Statt der bisherigen Zuschüsse aus allgemeinen Staatsmitteln erhalten die beiden Kirchen ein öffentlich-rechtliches Besteuerungsrecht. Als Korrelat für die eingeräumte Sonderstellung als öffentlich-rechtliche Körperschaften beansprucht der Staat für sich das Aufsichtsrecht über die Verwaltung des Kirchenvermögens und über die Ausübung des kirchlichen Besteuerungsrechts.

Es ist nicht zu bezweifeln, dass die vom Kanton Basel-Stadt durch die vorliegende Verfassungsrevision getroffene Reorganisation der beiden Landeskirchen den Grundsätzen der Bundesverfassung nicht widerspricht. Die Kantone sind in der Organisation der Landeskirchen ganz frei. Die Aufhebung des bisherigen § 19 und die Ersetzung desselben durch die neuen §§19 und 19b, ist daher nicht zu beanstanden. § 19 a enthält nichts neues ; er stellt nur den bisher und auch in Zukunft geltenden Rechtszustand der ändern (nicht Landes-) Kirchen noch ausdrücklich fest.

Auch die Einführungsbestimmungen enthalten nichts, was der Bundesverfassung widerspräche.

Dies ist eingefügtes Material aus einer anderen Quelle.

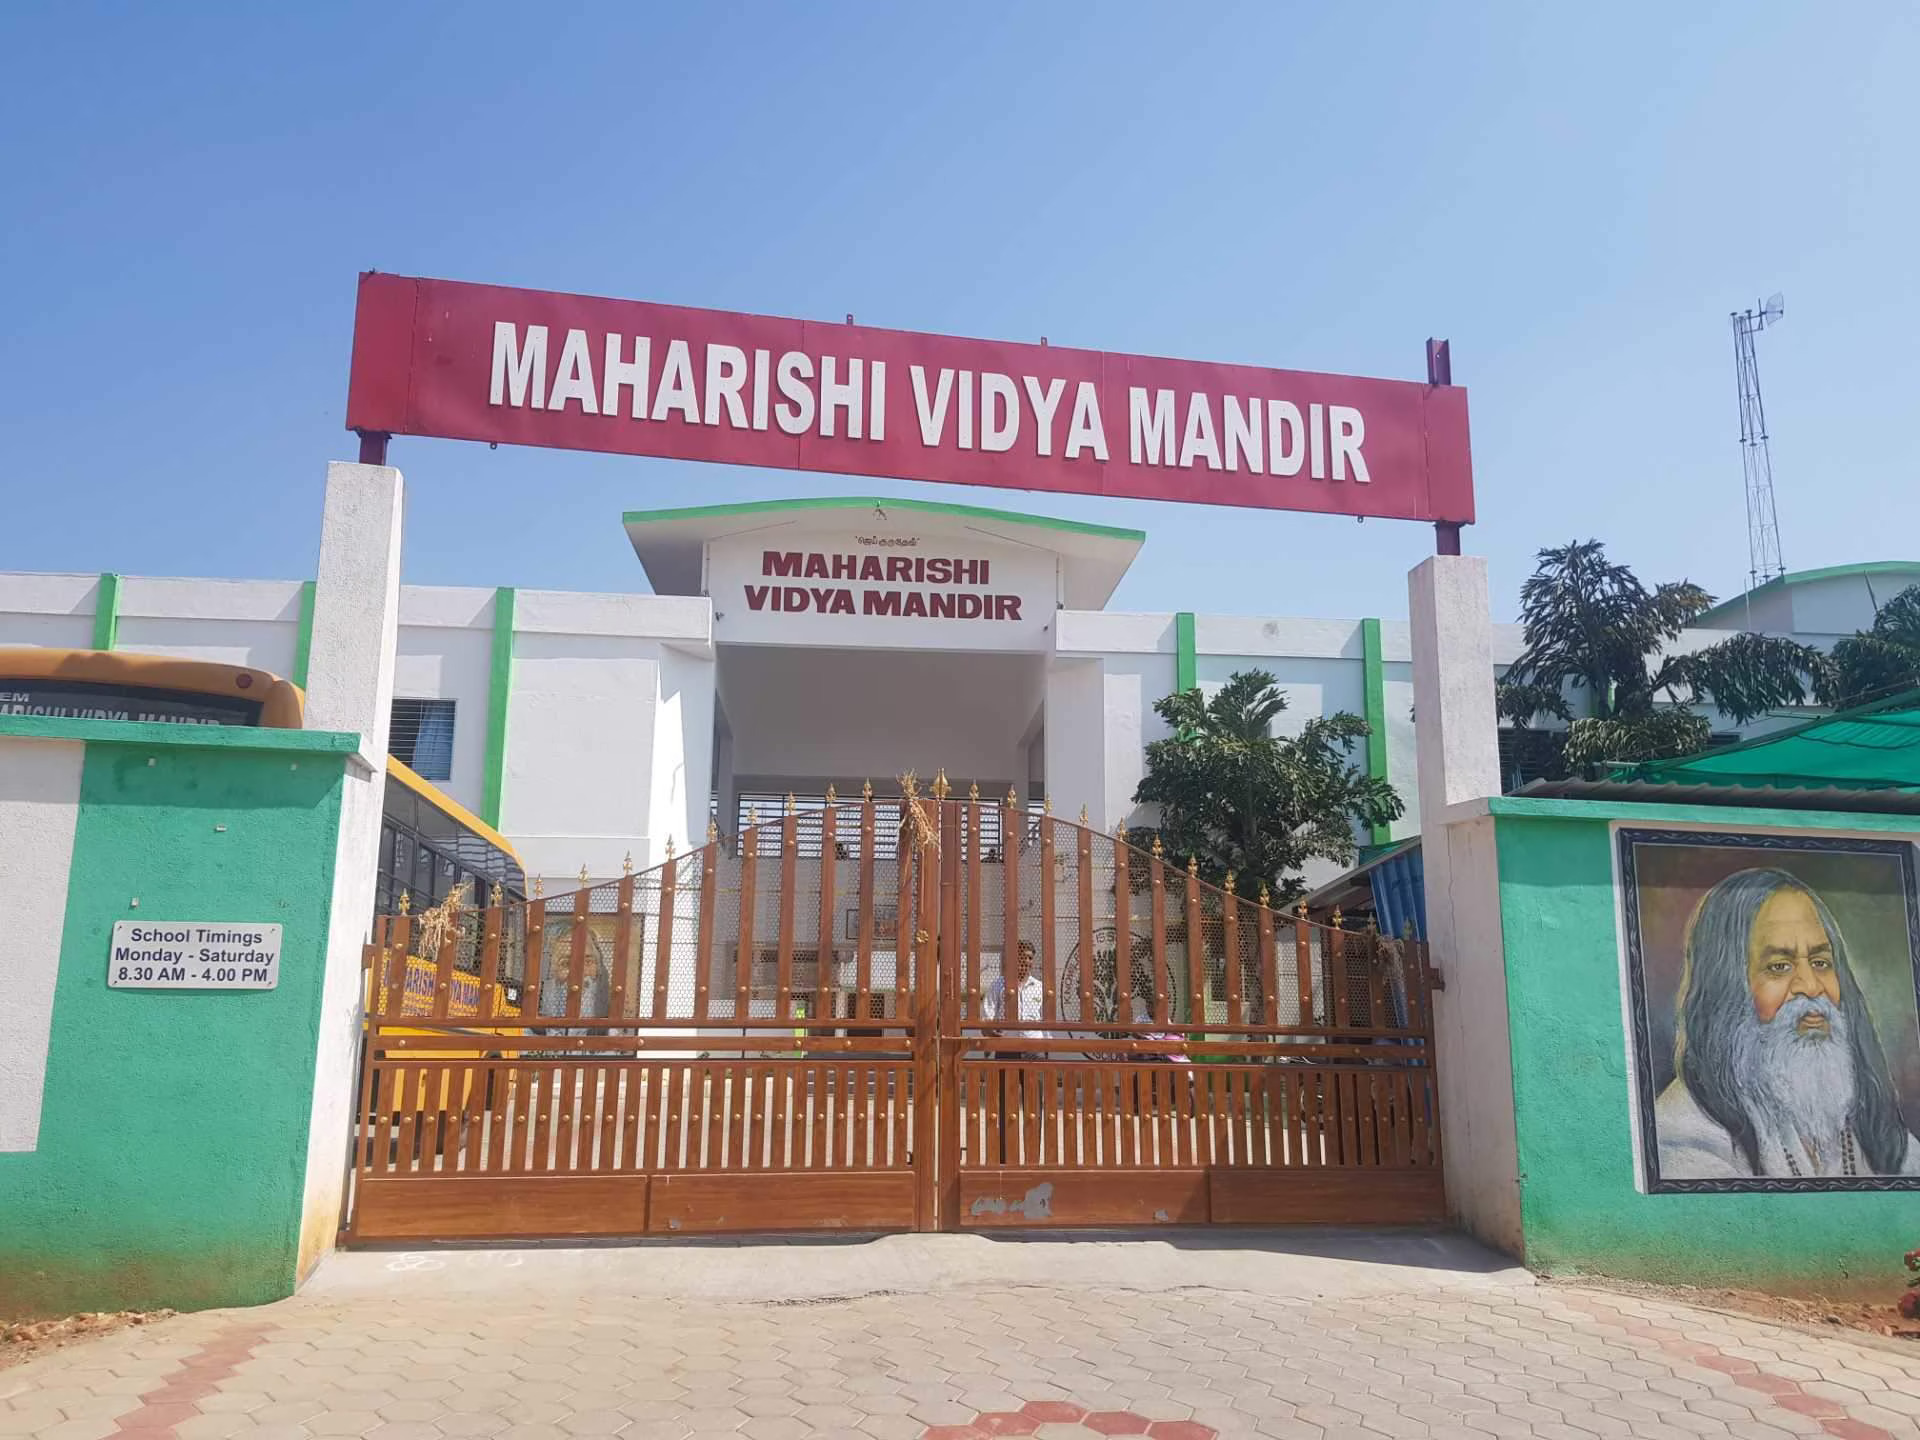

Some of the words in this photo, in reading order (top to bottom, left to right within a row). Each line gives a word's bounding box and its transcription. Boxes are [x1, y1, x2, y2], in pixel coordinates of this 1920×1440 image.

[489, 321, 887, 442] MAHARISHI
[908, 364, 1110, 462] VIDYA
[1129, 386, 1372, 483] MANDIR
[762, 551, 990, 585] MAHARISHI
[743, 585, 857, 615] VIDYA
[863, 590, 1023, 621] MANDIR
[131, 928, 191, 943] School
[196, 929, 263, 947] Timings
[115, 947, 183, 965] Monday
[199, 949, 275, 966] Saturday
[118, 967, 153, 981] 8.30
[157, 967, 185, 981] AM
[202, 968, 236, 982] 4.00
[241, 968, 268, 982] PM

Ziff. l bestimmt den Zeitpunkt des Inkrafttretens der neuen Verfassungsbestimmungen.

Ziff. 2--4 ordnen den Übergang der beiden Landeskirchen vom bisherigen in den neugeschaffenen Zustand und zwar sowohl, was die Organisation, als auch, was die Bestreitung der Kultusbedürfnisse anbelangt. Endlich bestimmt Ziff. 5, dass anlässlich der Neuordnung des Verhältnisses der beiden Landeskirchen
zum Staat aus Billigkeitsgründen auch eine Zuwendung an die beiden zahlreichsten ausserlandeskirchlichen Religionsgemeinschaften, an die römisch-katholische und an die israelitische Gemeinde, erfolgen soll.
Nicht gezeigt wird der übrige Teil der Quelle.